La politique internationale hybride de l’Occident Colonial et Impérial en Afrique
Editorial du 28 juillet 2022 Mediapart

Commençons par une définition. L’action politique internationale hybride consiste à combiner des moyens étatiques, donc officiels, avec des moyens non-étatiques, dont officieux, afin d’augmenter l’emprise d’une puissance sur un territoire étranger. IL s’agit donc d’un interventionnisme à double visage: lumineux et attractif quand il est officiel; ténébreux, rusé et violent quand il est officieux. C’est la diplomatie de la carotte et du bâton, du froid et du chaud, du soft-power et du hard-power alternant des moyens publics et des moyens privés. Depuis quand les puissances occidentales négrières, colonialistes et impérialistes ont-elles donc pratiqué ce double jeu en Afrique?

Incontestablement, au moins depuis la Traite Négrière dès le 15ème siècle, car celle-ci ne fut possible que grâce à l’association des Etats négriers, des Explorateurs espions notamment financés par ces Etats occidentaux et des Compagnies commerciales occidentales. L’Explorateur, le Négrier, le Marchand et le Militaire occidentaux sont le quatuor gagnant de la tragédie de la déportation de 20 millions de Noirs en Esclavage des 16è au 19ème siècles.
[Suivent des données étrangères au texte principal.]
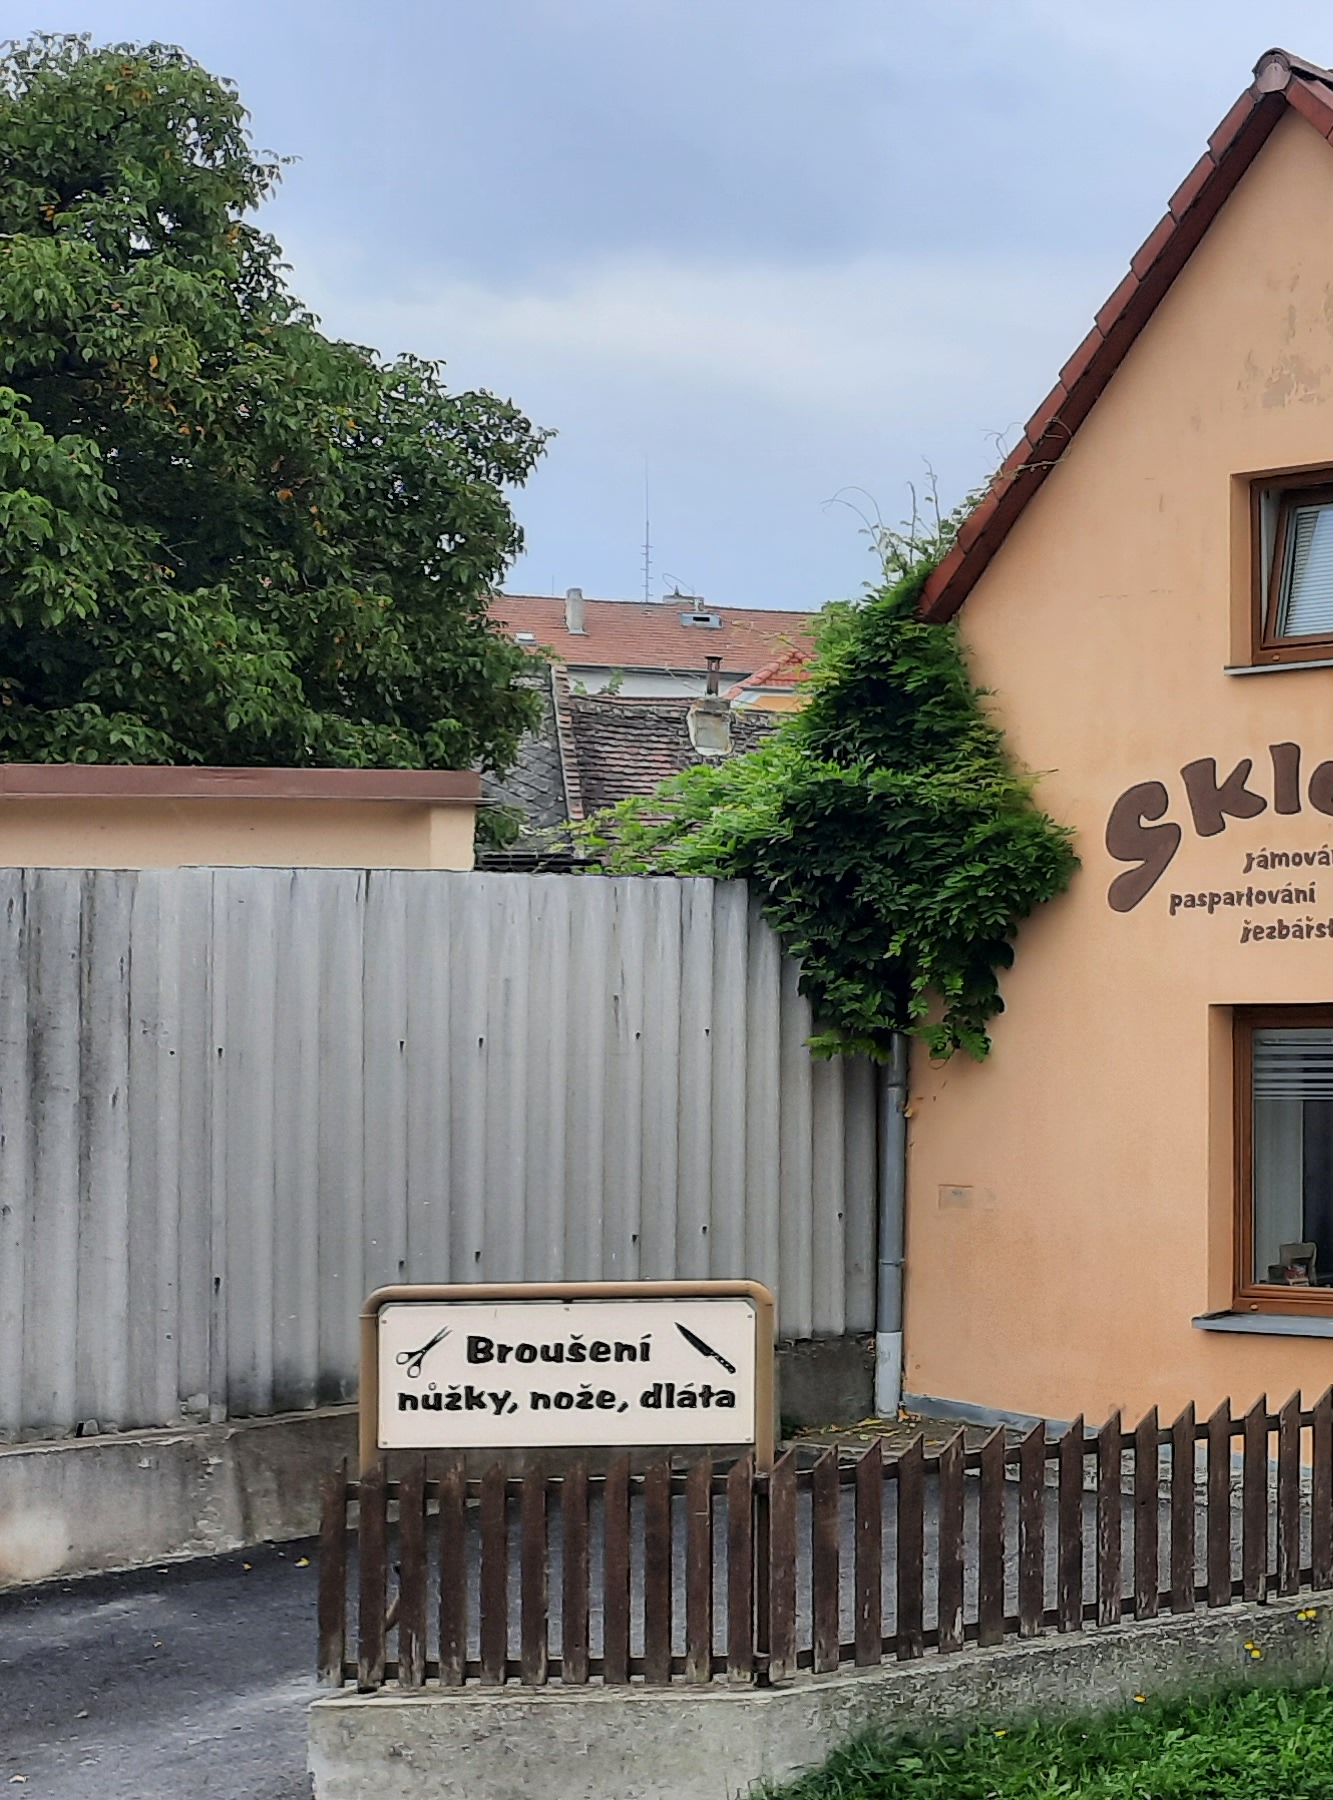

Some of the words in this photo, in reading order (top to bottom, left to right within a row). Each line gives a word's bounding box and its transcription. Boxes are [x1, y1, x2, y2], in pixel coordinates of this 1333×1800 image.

[1169, 882, 1316, 916] paspartování
[466, 1334, 653, 1364] Broušení
[397, 1382, 518, 1416] nůžky,
[529, 1383, 629, 1413] nože,
[640, 1382, 737, 1409] dláta
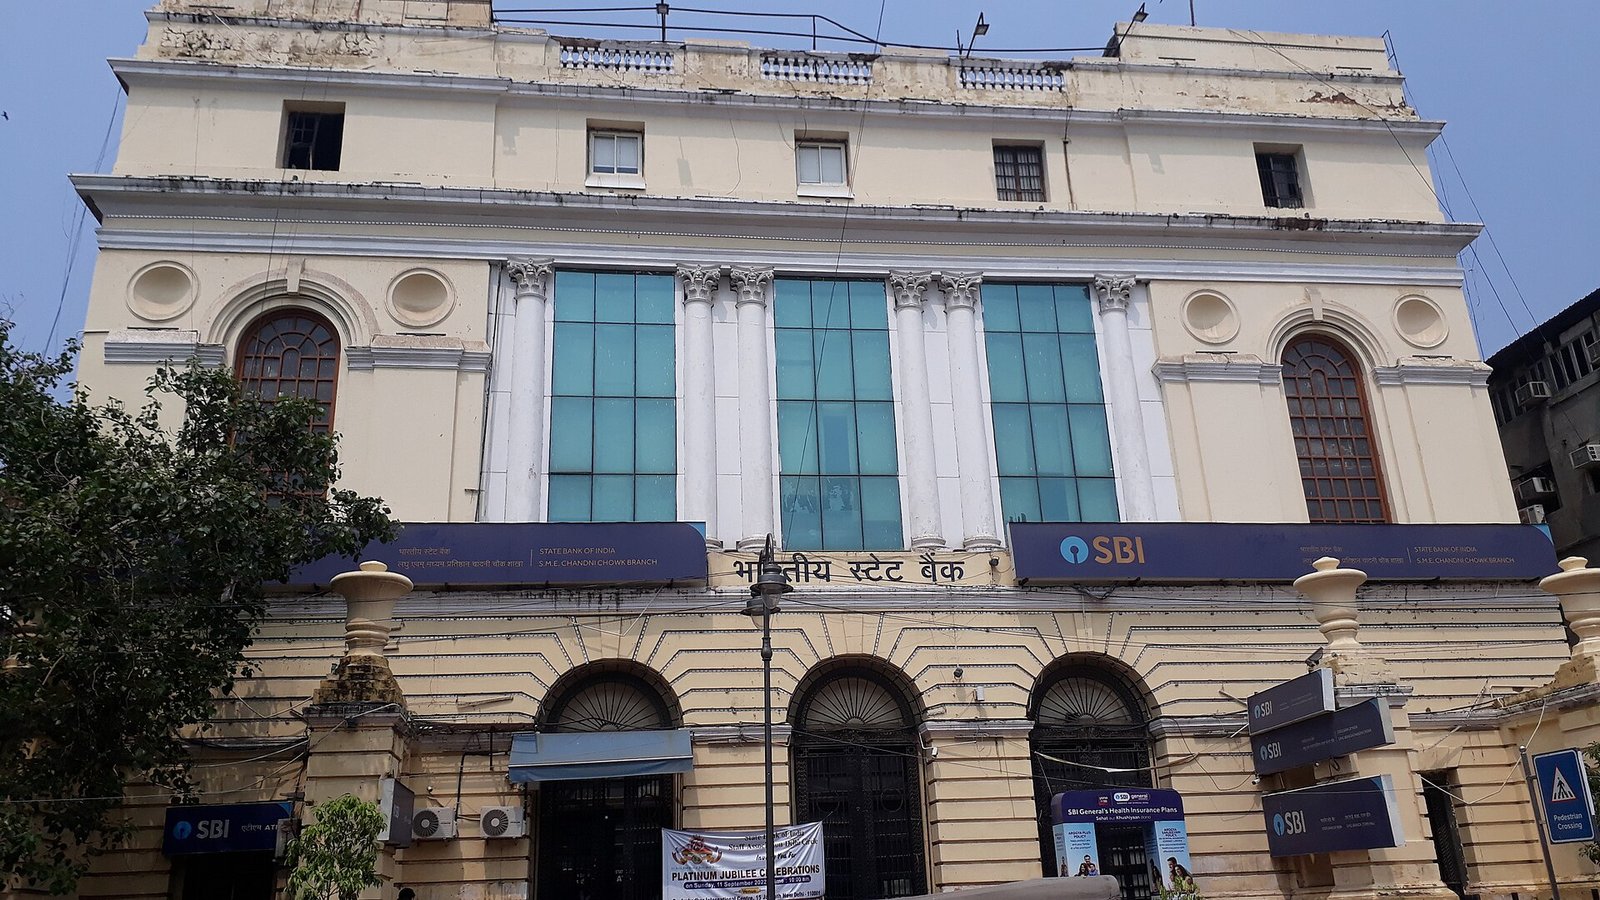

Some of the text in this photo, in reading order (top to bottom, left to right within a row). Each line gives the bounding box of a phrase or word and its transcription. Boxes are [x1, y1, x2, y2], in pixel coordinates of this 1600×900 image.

[1092, 536, 1145, 564] SBI
[538, 560, 561, 568] S.M.E.
[733, 553, 965, 583] भातीय स्टेट बैंक
[1261, 701, 1273, 718] SBI
[1267, 741, 1282, 759] SBI
[1079, 807, 1109, 816] General's
[1130, 806, 1161, 814] Insurance
[1553, 813, 1583, 821] Pedestrian
[196, 819, 230, 839] SBI
[241, 823, 262, 833] एटीएम
[1284, 810, 1307, 835] SBI
[1557, 821, 1583, 830] Crossing
[672, 864, 820, 881] PLATINUM JUBILEE CEBRATIONS
On n’ignorera pas non plus que la pénétration coloniale occidentale hors d’Europe à partir notamment du 18ème siècle, fut une action politique hybride, puisque ce fut à travers la coopération savante des Missionnaires, des Marchands et des Militaires, que la conquête coloniale occidentale fut opérée en Afrique, en Asie et aux Amériques. C’est la fameuse dialectique des 3 M, que le premier président du Kenya, Jomo Kenyatta, illustra par une boutade: « Quand les occidentaux sont arrivés chez nous, ils avaient la Bible et nous possédions nos terres; ils nous ont appris à prier les yeux fermés; et quand nous les avons ouverts, les Occidentaux possédaient nos terres et nous nous avions la Bible. » Les accords de protectorats de la fin du 19ème siècle, habilement et violemment transformés en pactes coloniaux par les puissances occidentales couleront, on le sait, dans le marbre, cette odieuse mystification.
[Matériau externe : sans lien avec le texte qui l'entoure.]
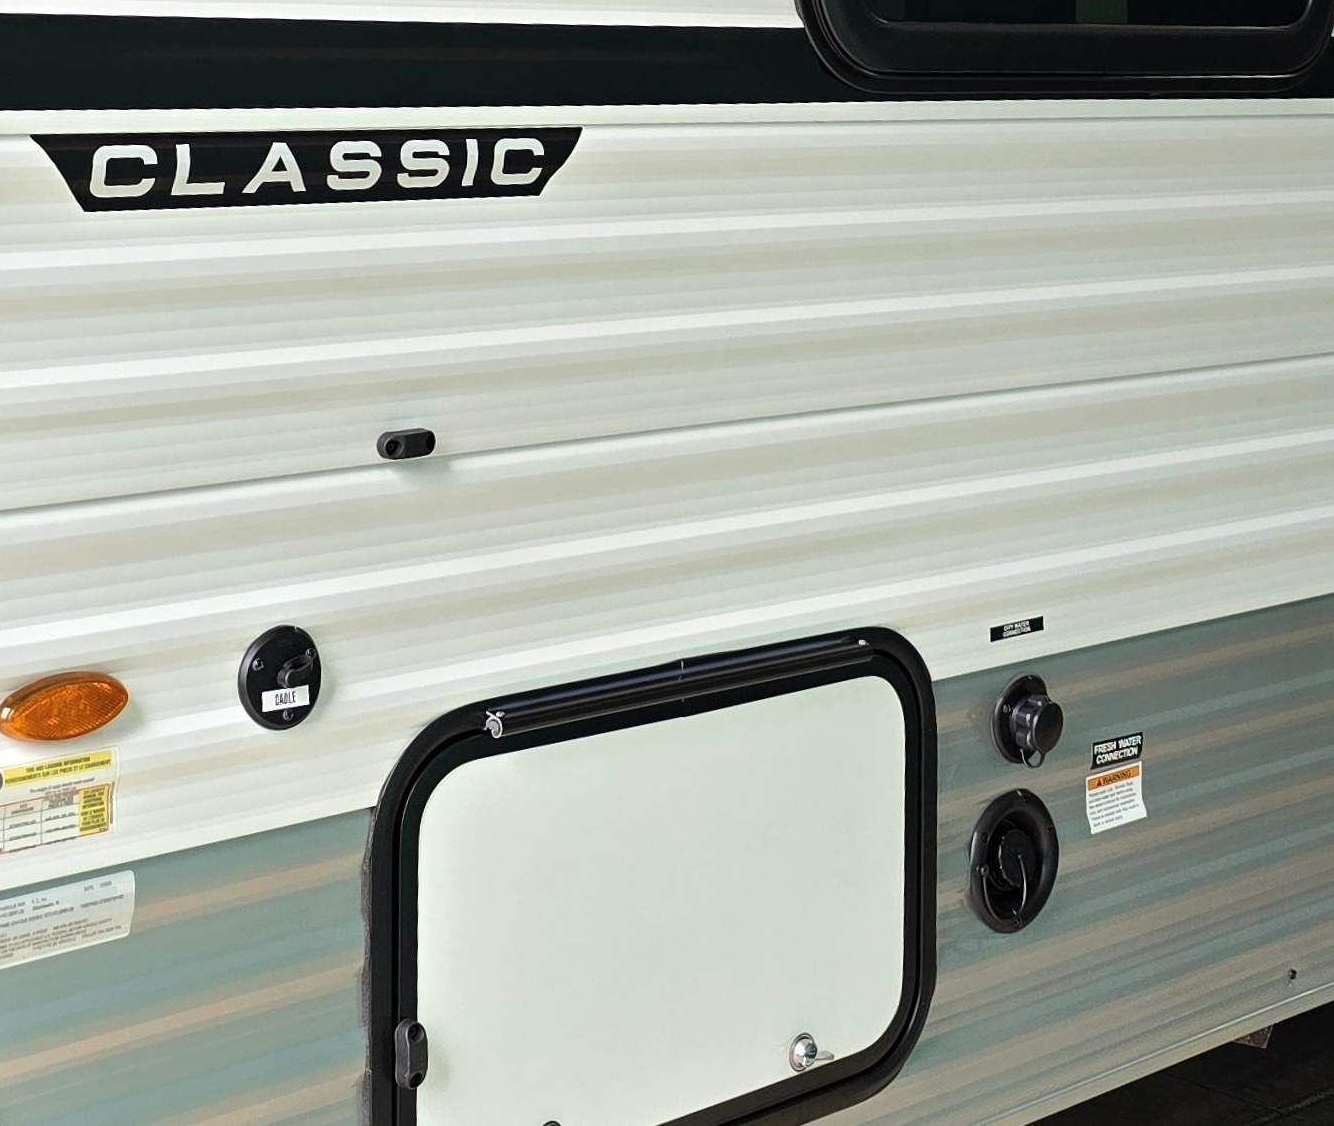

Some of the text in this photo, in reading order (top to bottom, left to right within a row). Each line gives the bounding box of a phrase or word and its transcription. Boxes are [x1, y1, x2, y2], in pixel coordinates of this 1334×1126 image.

Enfin, dans la période néocoloniale, après le cycle des indépendances de façade octroyées par la France du général de Gaulle et de son homme de main jacques Foccart, il importe au plus haut point de rappeler que l’action politique hybride (mixte d’interventionnisme officiel et officieux) de l’Occident en Afrique n’a point cessé. C’est le principe même de l’organisation mafieuse de la Françafrique, qui associe des élites politiques, économiques, intellectuelles et spirituelles corrompues de France et d’Afrique dans le pillage éhonté de l’Afrique noire et la persécution des peuples embrigadés.

Voici ce qu’observe à cet égard, un analyste français, Laurent Ribadeau-Dumas, de la Rédaction Afrique de France-Télévisions, dans un article publié le 20 décembre 2019 que nous citerons longuement pour édifier l’opinion francophone mondiale:

« La « tradition » des mercenaires en Afrique

A la suite de la décolonisation, à partir des années 1960, le continent a vu de nombreux mercenaires, notamment européens, agir sur son sol. Au Katanga (RDC) entre 1960 et 1963. Entre 1967 et 1970, lors de la sécession du Biafra, aujourd’hui province du Nigeria, où se sont notamment battus des Français. Dans les guerres (contre le Portugal) au Mozambique et en Angola, toujours dans les années 1960-1970. « Il y a également eu les ‘faiseurs de rois’, comme le Français Bob Denard, impliqué dans deux coups d’Etat successifs aux Comores (1975 et 1978) », rappelle Sciences Humaines. Mort en 2007, Bob Denard a multiplié les actions sur le continent pendant une quarantaine d’années. »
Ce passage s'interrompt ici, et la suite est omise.